In fact, I only had you send that test email so the data would show up here and make this a whole lot easier!
-
In the left section, click the field name subject to toggle it as the incident identifying field. Then Click and Drag the subject value (in our example its Coffee Alert) to the incident type we created (coincidentally) also called Coffee Alert. Finally, click Save Version.

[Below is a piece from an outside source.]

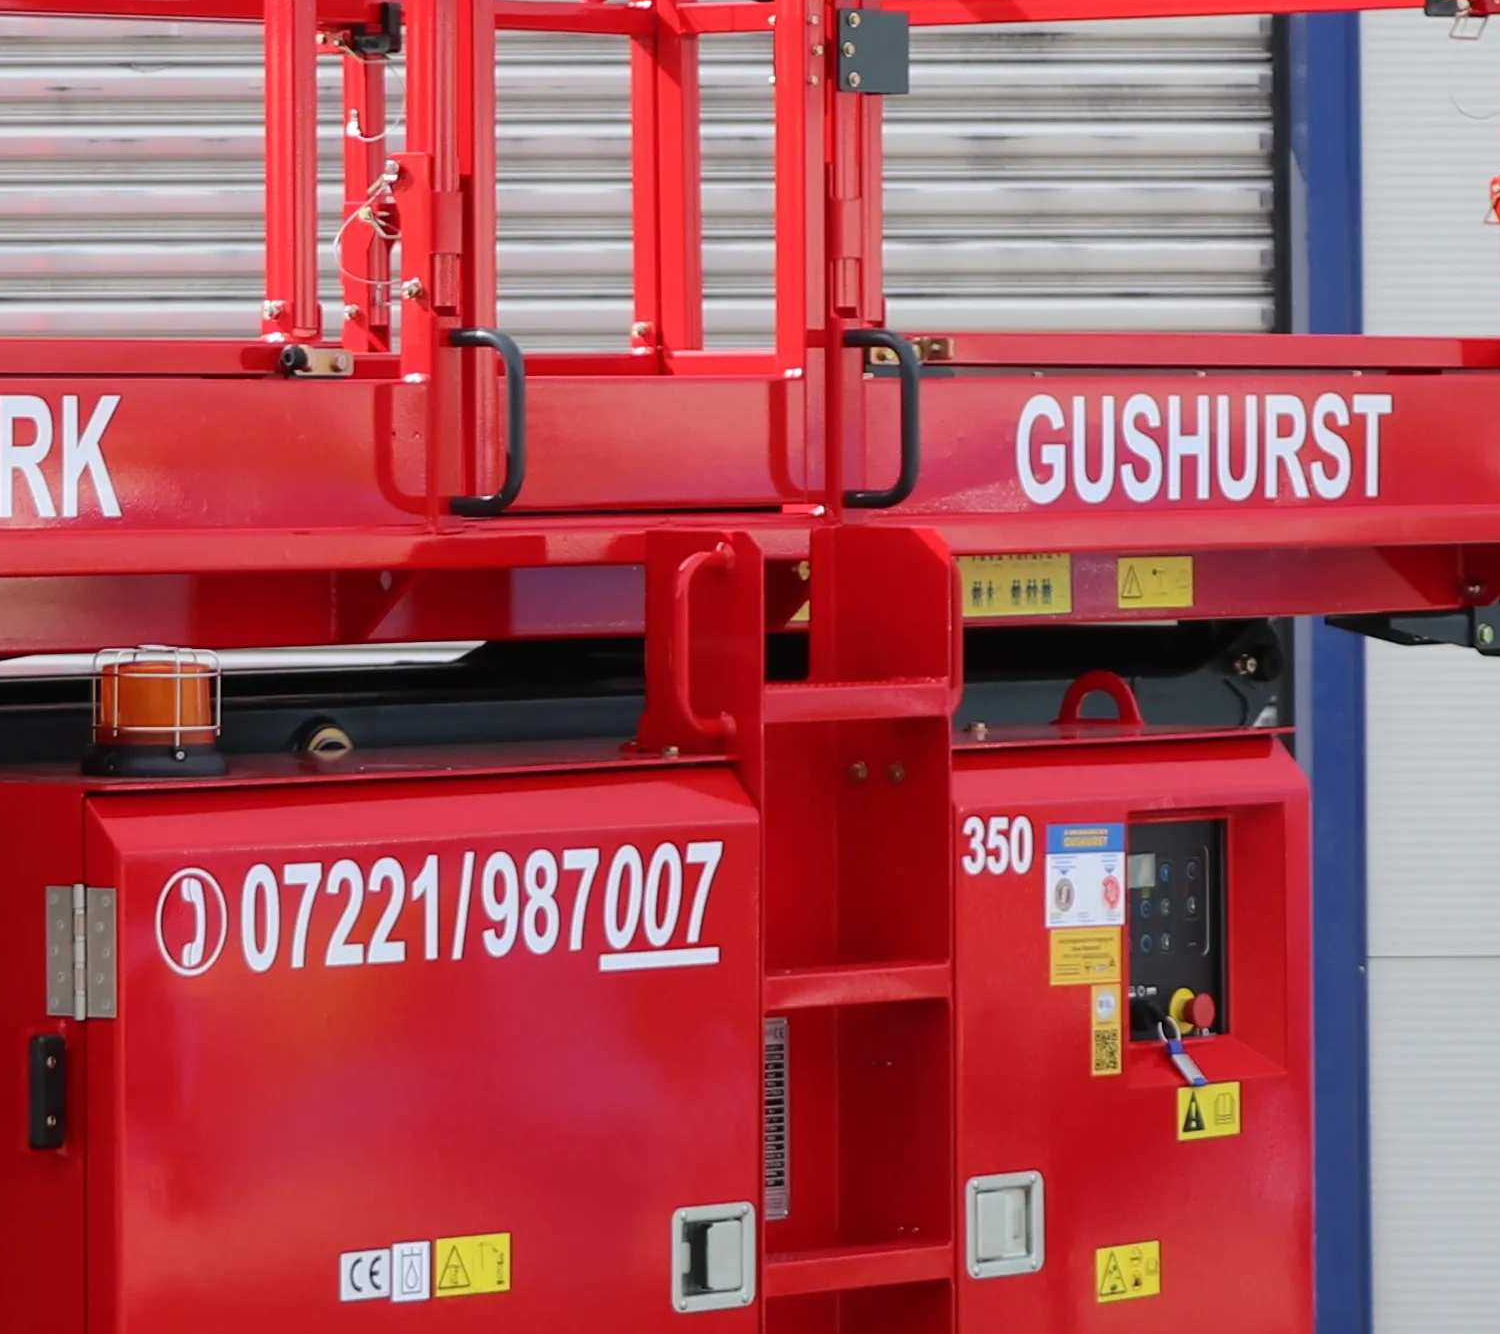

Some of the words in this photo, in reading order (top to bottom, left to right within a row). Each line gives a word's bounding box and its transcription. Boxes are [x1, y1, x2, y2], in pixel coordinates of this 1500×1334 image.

To be clear, we’re using the email’s subject line as the identifier to determine what incident type to create. For example, if we had a smart dishwasher that sent emails with subject line
Dishwasher Alert
, we could click and drag that value to a different custom incident type of your creation. This makes it possible to use a single classifier for many automation use cases. -
Now we need to tell our Mail Listener v2 instance to use the classifier we just created. Head back to the instance settings and then use the drop down to select your classifier.
-
Because we’re thorough, let’s go ahead and send another test email just to double check our classifier is working properly. After we send the test email, we should see XSOAR create a new incident of type
Coffee Alert
. -
Send the test email pretending to be our coffee maker… Yes I do find this humourous.
-
Success!!! We now have a new incident of type
Coffee Alert
. This means our classifier is working as intended. -
Feel free to click into the incident to view details about it. You may notice some basic data extraction took place such as Timeline Information and Investigation Data. This was default behavior but in the next section we’ll tailor this to our custom use case.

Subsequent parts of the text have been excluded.